Os resultados normais das espirometrias dos trabalhadores estudados (em 82,3% dos casos) estão de acordo com uma pesquisa realizada no Rio Grande do Sul em um grupo de trabalhadores envolvidos na produção de fertilizantes em diferentes exposições ocupacionais,26 assim como com trabalhos realizados na área de pneumopatias ocupacionais.21,23 Em uma pesquisa realizada na região carbonífera do extremo sul de Santa Catarina, foi constatado que a maioria dos mineradores de carvão apresentou espirometrias normais. Esses achados foram atribuídos a melhorias nas condições de trabalho, ao uso de EPIs, bem como à adoção de medidas de redução da poeira no ambiente de trabalho.7

A não semelhança entre as variáveis espirométricas e o tempo de exposição à mineração está de acordo com outros trabalhos que também não evidenciaram diferenças significativas entre o tempo de exposição à poeira ocupacional e a função pulmonar.23,27 Os achados são semelhantes com os índices espirométricos de mineiros de rocha fosfática no Canadá, não se observando reduções nos índices espirométricos devido a essa exposição ocupacional.28 Os trabalhadores estudados realizaram espirometrias seriadas anuais ao longo de 3 a 7 anos, não sendo encontrada nenhuma evidência de declínio acentuado do VEF1 que pudesse ser atribuída à exposição ocupacional.28 Por outro lado, um recente estudo publicado apresentou uma correlação do tempo de exposição aos poluentes do ar presentes no processo produtivo das cerâmicas com as alterações da função pulmonar; porém, em funcionários que não utilizavam os EPIs.29

No presente estudo não foram observadas associações significativas dos sintomas respiratórios com alterações espirométricas, semelhante à pesquisa de De Capitani com trabalhadores expostos a rocha fosfática.30 Já em trabalhadores de marmorarias, foi evidenciada diferença estatisticamente significativa entre a presença de dispneia e resultados da espirometria.23) Em outra pesquisa, os sintomas se associaram somente com a presença de antecedentes de doenças respiratórias e com o tabagismo.20) É importante pontuar que as comparações dos achados do presente estudo foram realizadas com trabalhadores expostos a outras poeiras minerais e com efeitos potencialmente diferentes. Adicionalmente, o presente estudo não realizou estudos radiográficos de tórax, o que impossibilita a confirmação de pneumoconiose. Informações da empresa indicam que, até o presente momento, não existem casos de pneumoconiose registrados nos trabalhadores expostos a poeira mineral.

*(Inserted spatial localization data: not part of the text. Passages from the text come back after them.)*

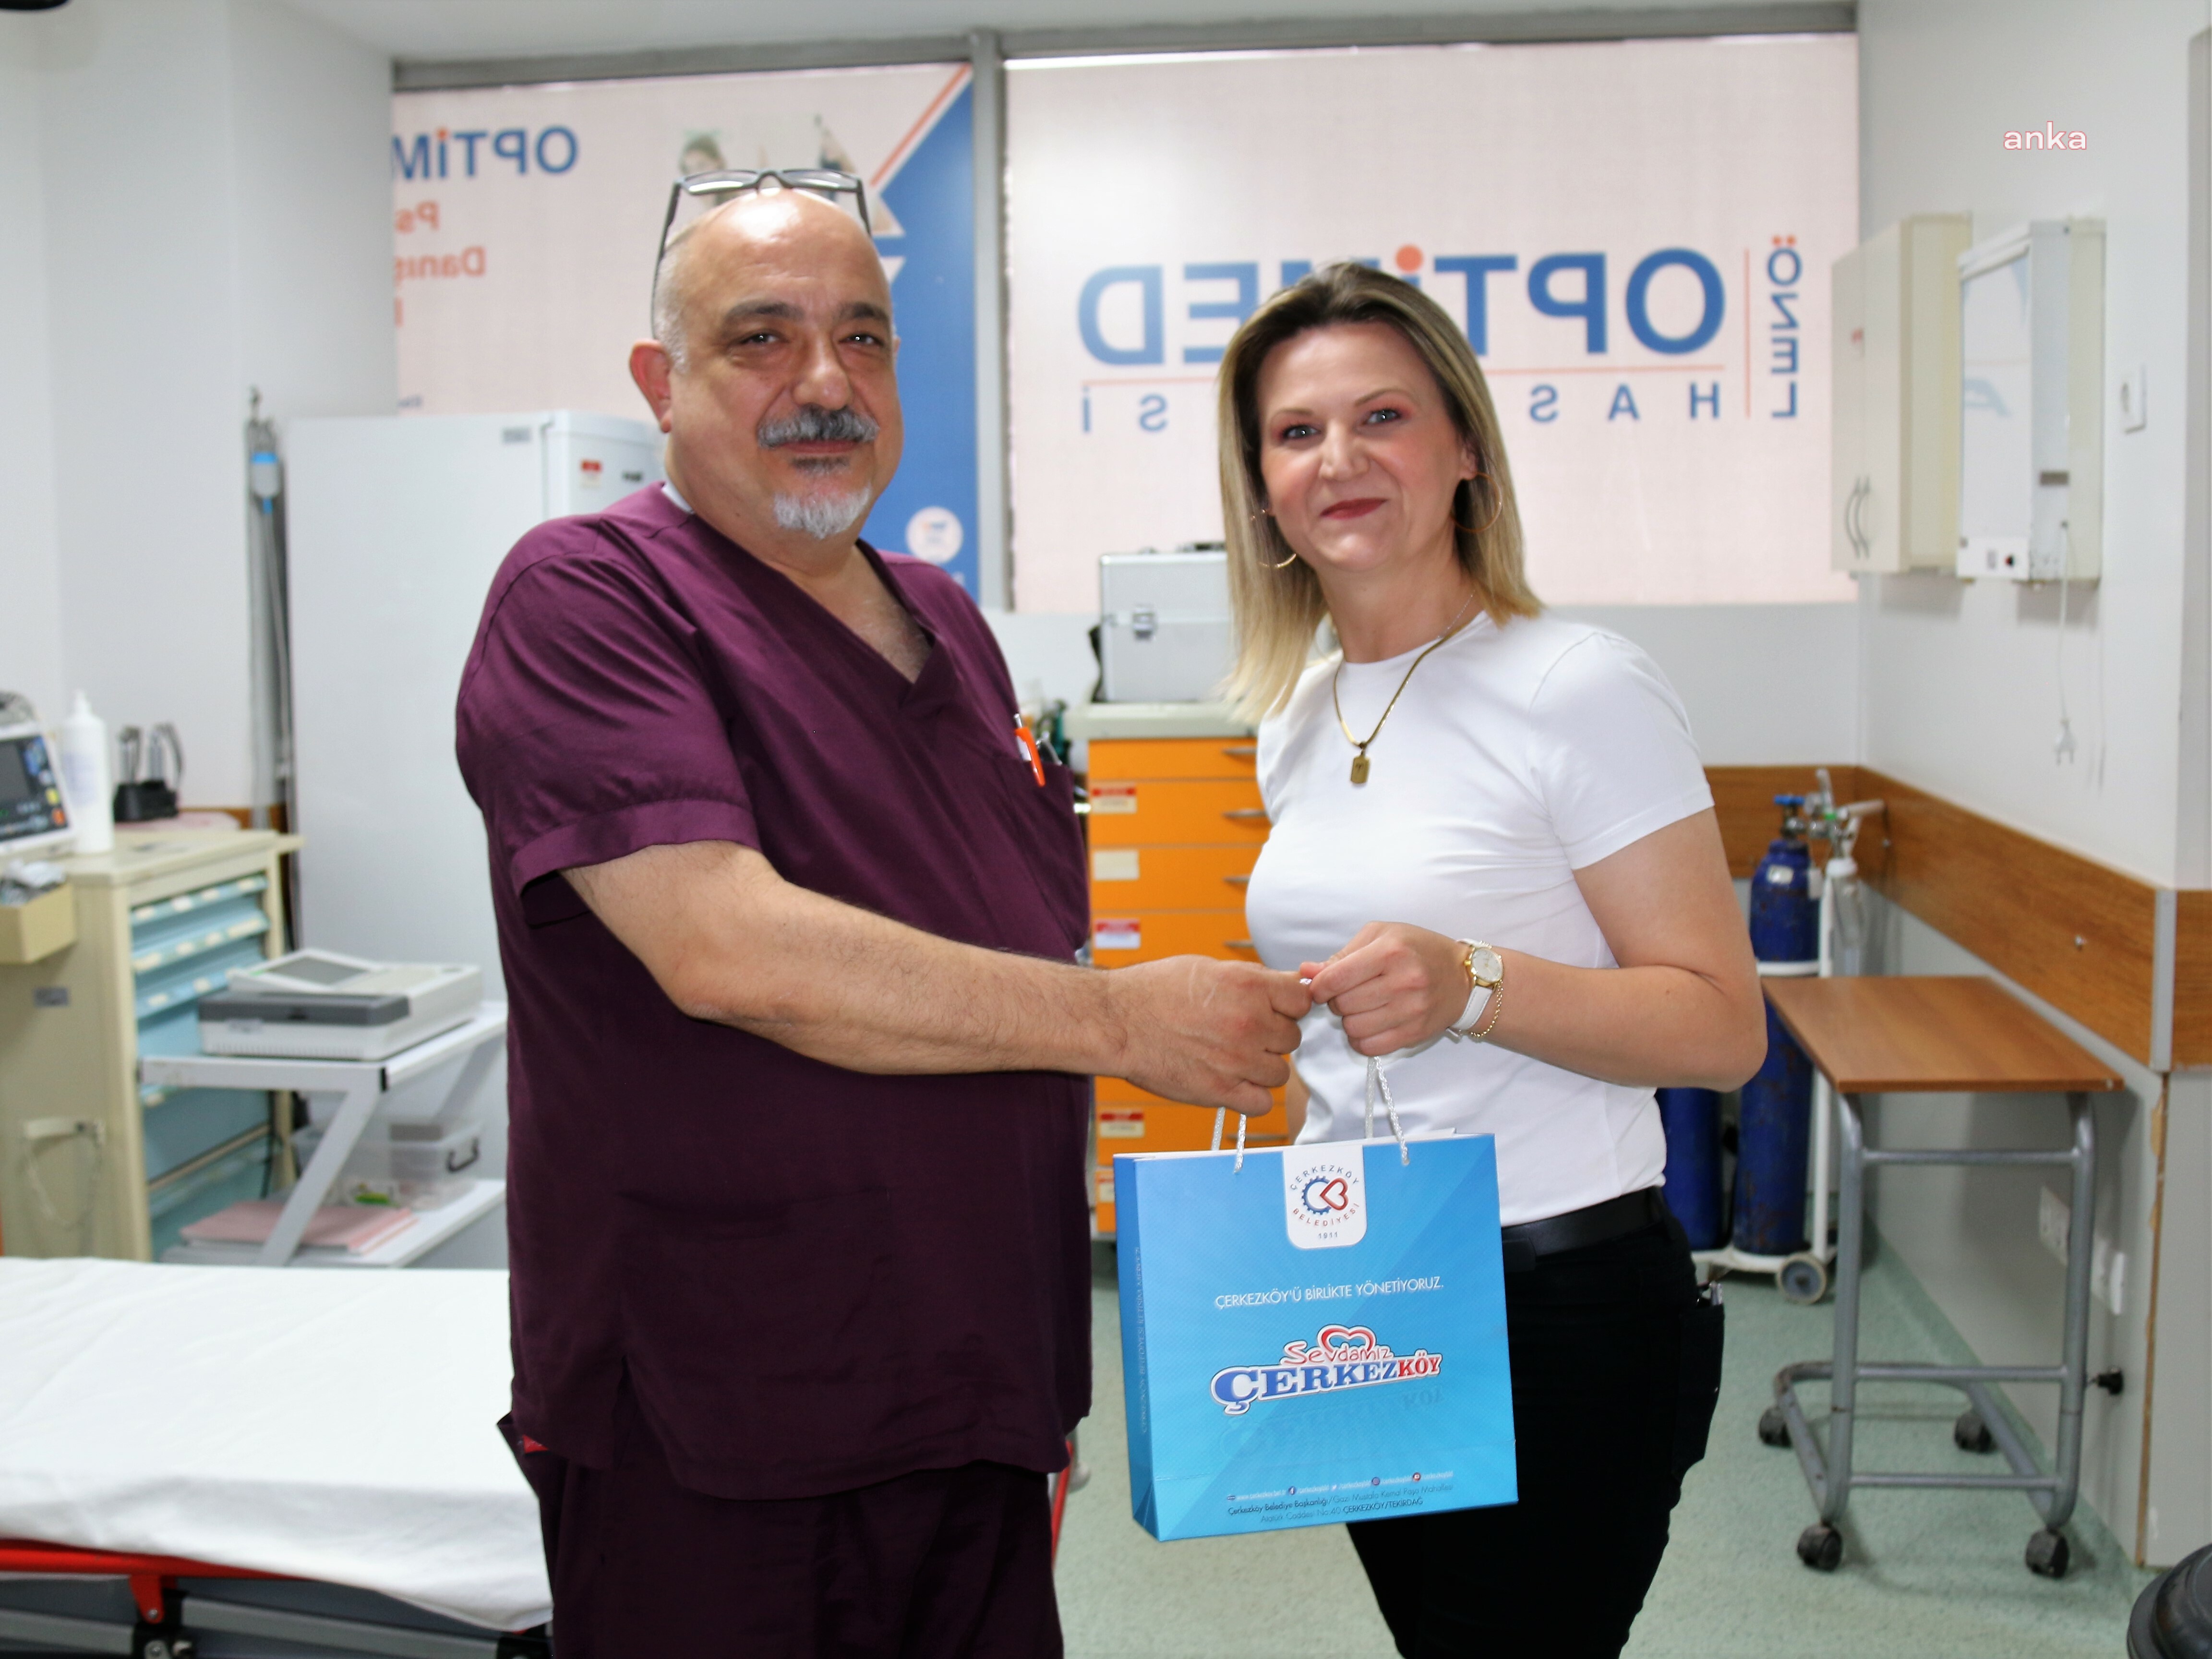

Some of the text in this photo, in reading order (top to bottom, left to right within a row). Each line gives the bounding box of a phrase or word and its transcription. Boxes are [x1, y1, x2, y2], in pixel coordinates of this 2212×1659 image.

[1290, 1165, 1359, 1190] ÇERKEZKÖY
[1215, 1276, 1443, 1309] ÇERKEZKÖY'Ü BİRLİKTE YÖNETİYORUZ.
[1214, 1352, 1441, 1412] ÇERKEZKÖY
[1228, 1504, 1263, 1516] Çerkezköy
[1265, 1502, 1293, 1512] Belediye

É de pleno conhecimento a importância da adoção de medidas de promoção para a saúde do trabalhador nos processos de melhoria da qualidade de vida, funcionalidade e produtividade, seja no âmbito laboral, seja no âmbito pessoal. Tais premissas são evidenciadas na presente pesquisa, pois a empresa apresenta programas de atenção direcionados ao funcionário, com base em ações permanentes de monitorização contínua do empregado e do ambiente laboral, estímulo às boas práticas de saúde, além de acompanhamentos periódicos com especialistas.

A presente pesquisa apresentou-se como um importante norteador da avaliação pulmonar de trabalhadores vinculados à extração do minério pirocloro, tendo em vista que há poucos estudos na literatura que avaliaram possíveis agravos no aparelho respiratório de trabalhadores expostos a extração desse minério. É possível que a baixa frequência de sintomas respiratórios e de alterações espirométricas nos mineradores de pirocloro, a baixa correlação dos sintomas respiratórios com os valores espirométricos, bem como a baixa correlação dos sintomas respiratórios com o tempo de exposição à poeira indiquem boas condições de trabalho e a prevenção de doenças nesse setor, aliadas a baixa toxicidade do minério pirocloro.